Markdown uses LaTeX math syntax, for example, this markup in the Rmd script

$$
x^2 + y^2 = r^2
$$

produces this output (not what we wanted!),

[x^2 + y^2 = r^2]

The problem is that github_document does not correctly render math expressions. There are other advantages to using github_document though, so we will continue to use it but use a work-around for typesetting math.

Edit the YAML output argument as follows

---
output: 
  github_document: 
    pandoc_args: "--webtex"
---

With this argument added to the YAML header, the output displays the equation correctly,

 x^2 + y^2 = r^2

How it works:

  • When you knit the file, WebTeX typesets and creates a PNG image of the equation.
  • A link to that image is created in the .md file of your document.
  • The .md file of your report is what GitHub translates into the HTML that you see online.

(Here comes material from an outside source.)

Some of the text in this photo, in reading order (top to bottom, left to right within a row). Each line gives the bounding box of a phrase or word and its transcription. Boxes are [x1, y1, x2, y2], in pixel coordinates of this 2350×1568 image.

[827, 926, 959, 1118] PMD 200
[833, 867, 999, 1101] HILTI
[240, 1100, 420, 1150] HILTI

A PNG image of an equation is not as beautiful as a correctly rendered LaTeX equation, but the advantages of the github_document output outweigh this disadvantage (in my opinion) given the limited amount of mathematics in most data graphics portfolios.

This workaround is only necessary if you are

  • using github_document output (we are)
  • writing mathematics in your output document (you might be)

If you need to typeset math, these links can help you to learn the necessary LaTeX syntax.

Assignment

In the temporary file reports/d1-temp.Rmd, edit the header as described above.

Add a section heading

##  try writing an equation 

Read the math typesetting links above and try to typeset the following differential equation.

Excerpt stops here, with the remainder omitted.